Euclid wrote Elements his ground breaking book on mathematics, at the Mouseion; it was there that an astronomer named Aristarchus surmised that the Earth orbited the sun and not the other way around, while his colleague Eratosthenes calculated the diameter of the Earth to a scarcely believable accuracy of fifty miles. And it was here that Archimedes, a Sicilian engineer who had grown up by the sea and who must have felt at home in the mighty port of Alexandria, was inspired to invent a screw-shaped pump later given his name.
Another point of standardisation was the treatment of the so-called protokollon, the first of a scroll’s constituent kollemata, or sheets. A scroll was usually rolled up for storage so that its protokollon formed the outermost surface; as such, it received the brunt of any rough treatment at the hands of its readers, and early Greek scribes habitually left it blank.
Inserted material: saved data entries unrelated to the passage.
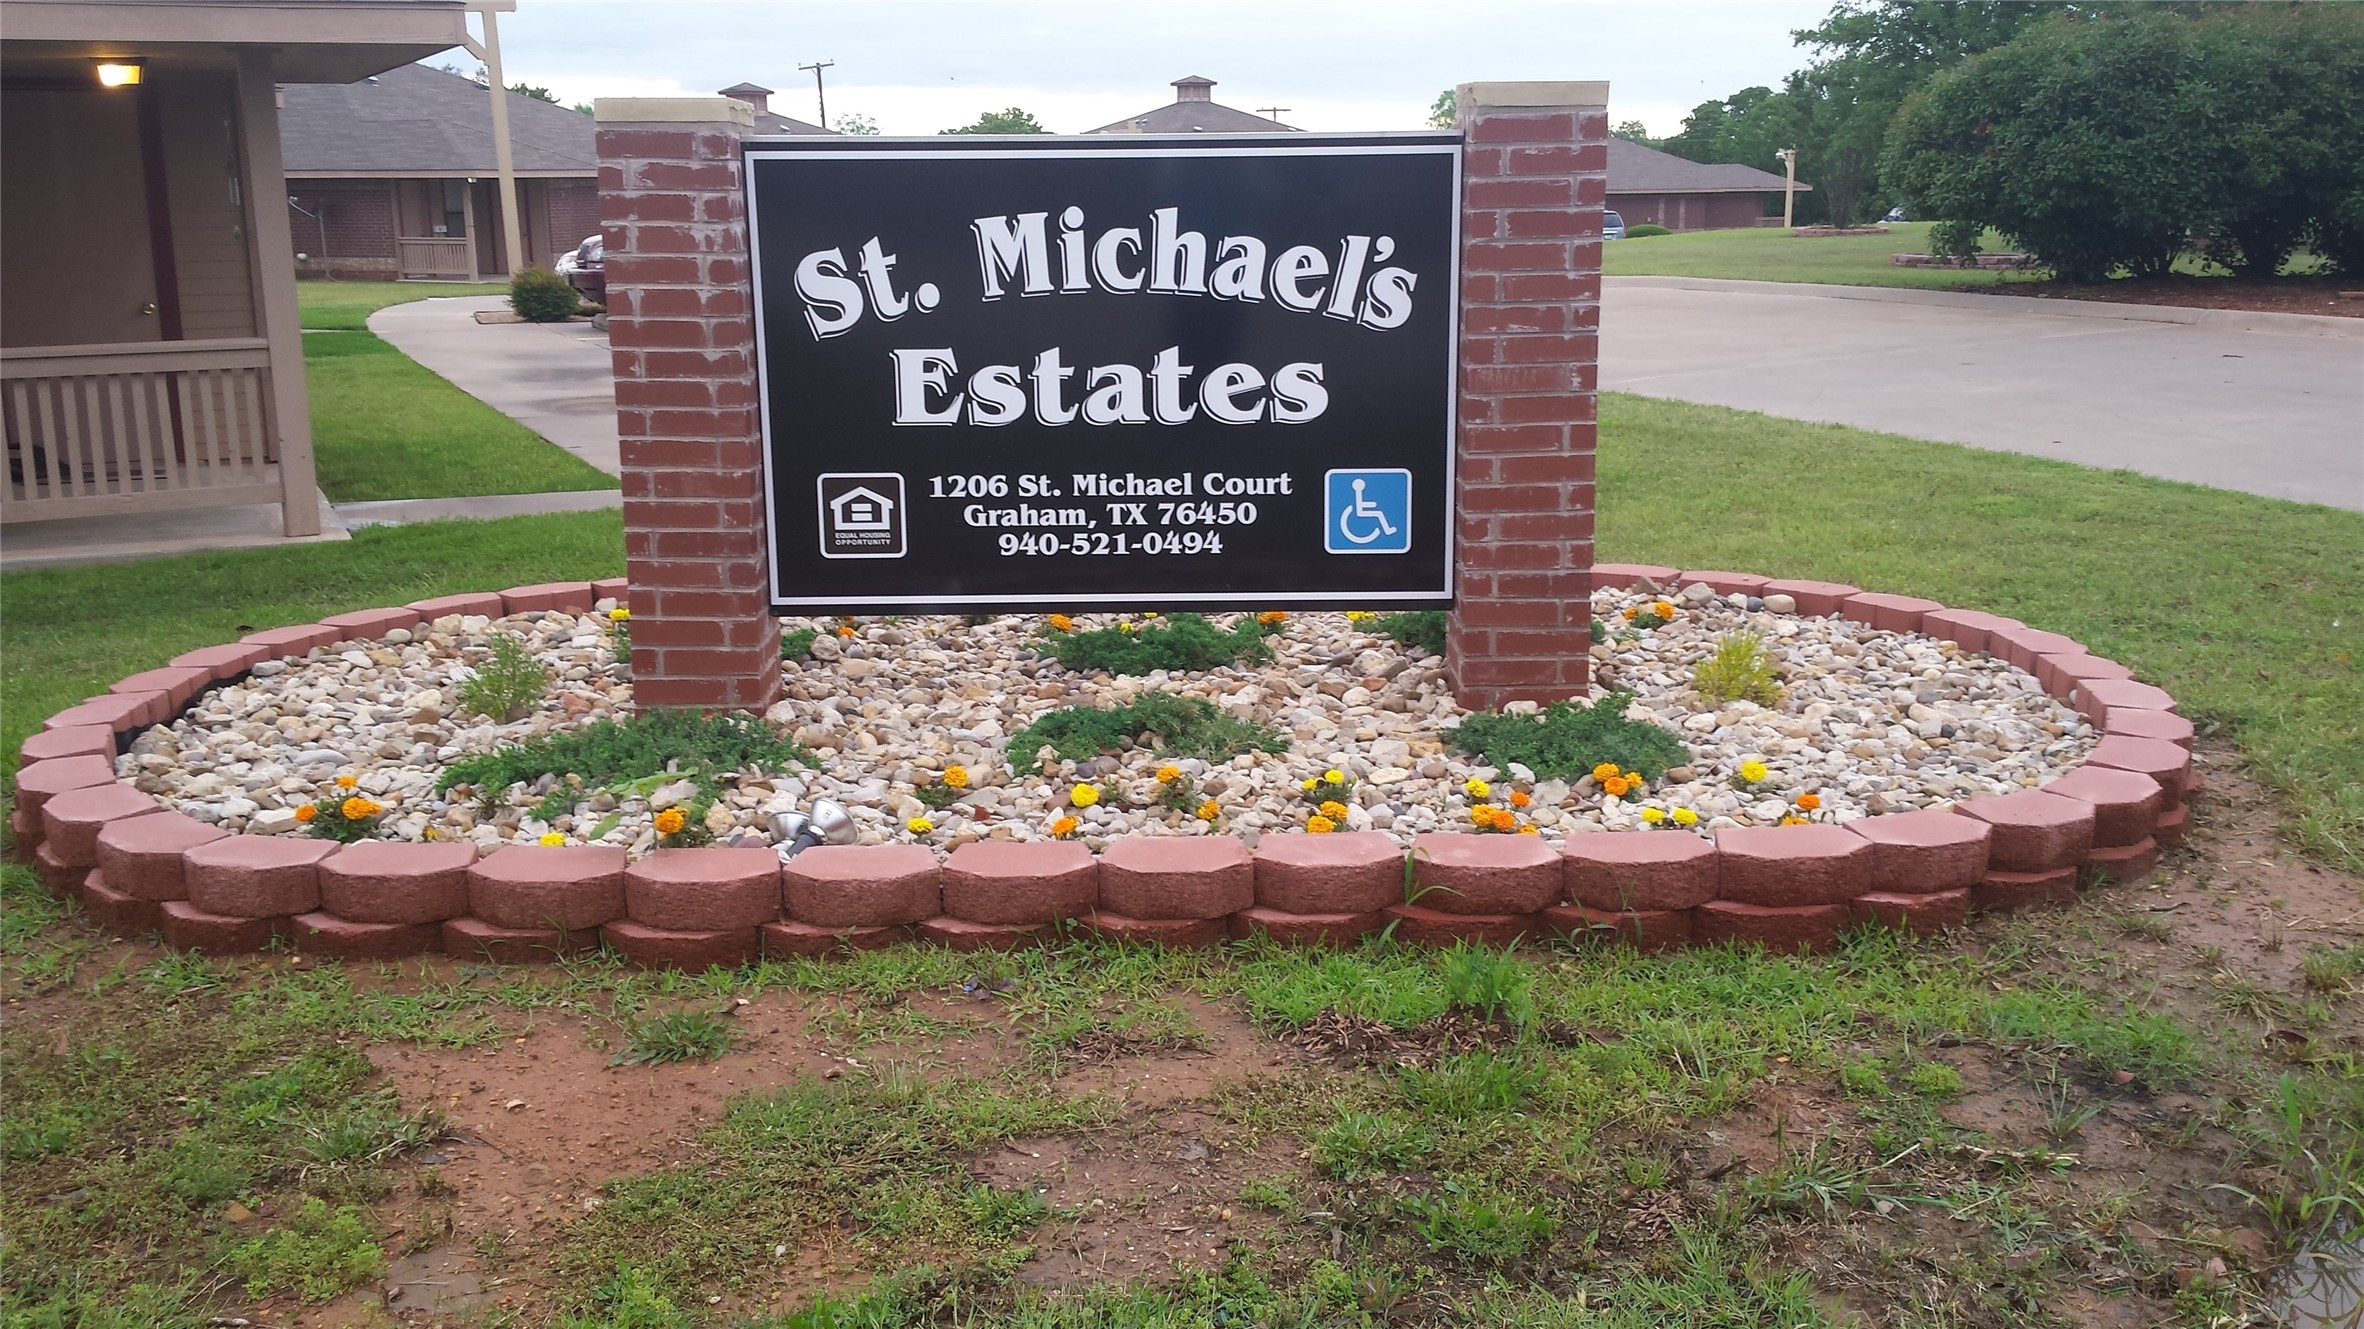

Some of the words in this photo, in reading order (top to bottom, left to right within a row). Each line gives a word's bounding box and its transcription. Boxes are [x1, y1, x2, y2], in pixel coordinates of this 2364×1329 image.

[794, 236, 940, 341] St.
[970, 206, 1417, 331] Michael's
[889, 346, 1329, 426] Estates
[929, 475, 1008, 498] 1206
[1018, 475, 1061, 497] St.
[1072, 472, 1193, 497] Michael
[1203, 472, 1293, 496] Court
[963, 503, 1096, 529] Graham,
[1106, 503, 1148, 526] TX
[1158, 501, 1257, 525] 76450
[999, 530, 1223, 556] 940-521-0494
Later, however, this wasted space began to gnat at the sensibilities of efficiency-minded bureaucrats, and the protokollon became a place to record a scroll’s official provenance and its date of manufacture. In time, the officious Greek protokollon became the English “protocol”.  
Rolled up scrolls were stored vertically in jars and horizontally on shelves, with protruding tags affixed to one end so they could be identified without having to be unrolled. The Greeks called these labels sittybos - a misreading later transformed this into the Latin sillybus, and ultimately the English “syllabus” - whereas the Romans preferred titulus, or “title”.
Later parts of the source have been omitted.